ASSIGNMENT >> Strip out the pictures and transcribe the records that follow exactly.
*** DATA TO EXAMINE ***
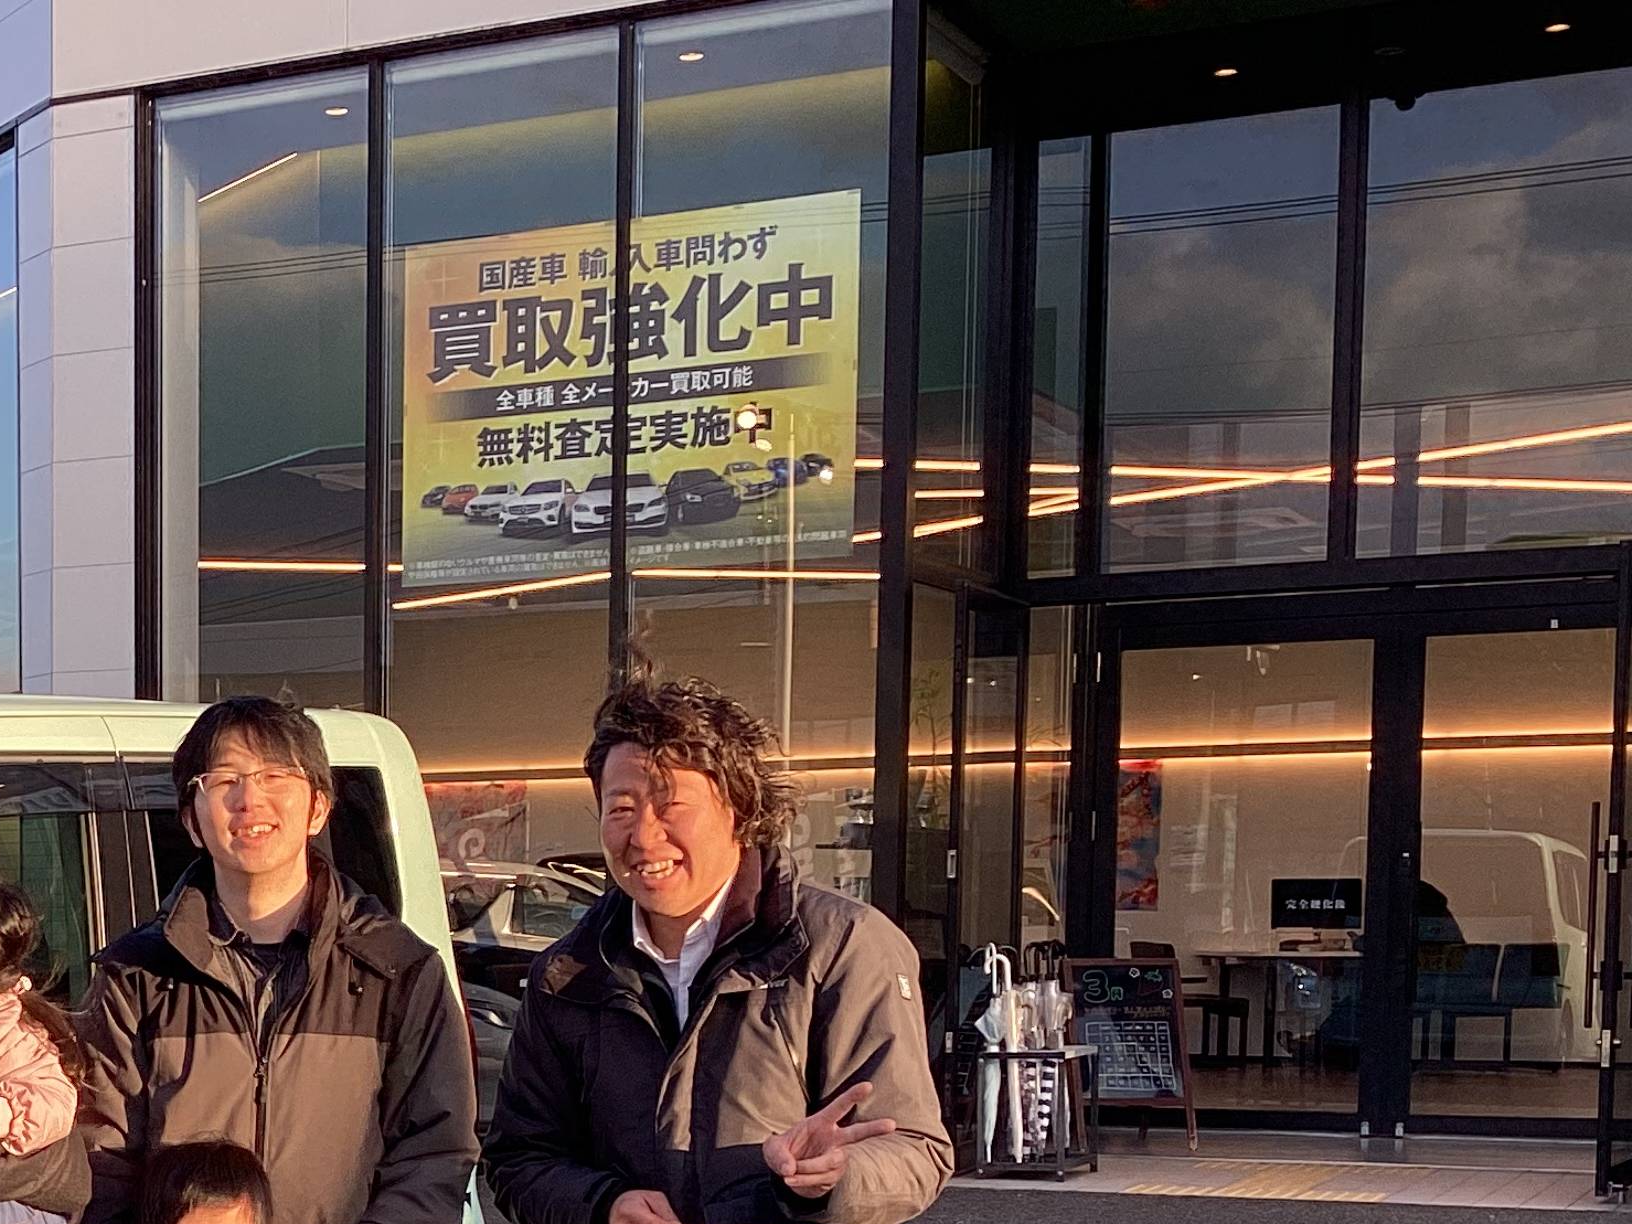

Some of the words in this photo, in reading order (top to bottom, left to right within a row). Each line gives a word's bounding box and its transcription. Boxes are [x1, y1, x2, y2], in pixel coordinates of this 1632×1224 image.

[479, 253, 567, 292] 国産車
[578, 225, 778, 281] 輸入車問わず
[427, 262, 833, 383] 買取強化中
[496, 385, 554, 411] 全車種
[561, 365, 753, 406] 全メーカー買取可能
[477, 403, 772, 467] 無料査定実施中
*** End of DATA TO EXAMINE ***
RESPONSE >>
Some of the words in this photo, in reading order (top to bottom, left to right within a row). Each line gives a word's bounding box and its transcription. Boxes are [x1, y1, x2, y2], in pixel coordinates of this 1632×1224 image.

[479, 253, 567, 292] 国産車
[578, 225, 778, 281] 輸入車問わず
[427, 262, 833, 383] 買取強化中
[496, 385, 554, 411] 全車種
[561, 365, 753, 406] 全メーカー買取可能
[477, 403, 772, 467] 無料査定実施中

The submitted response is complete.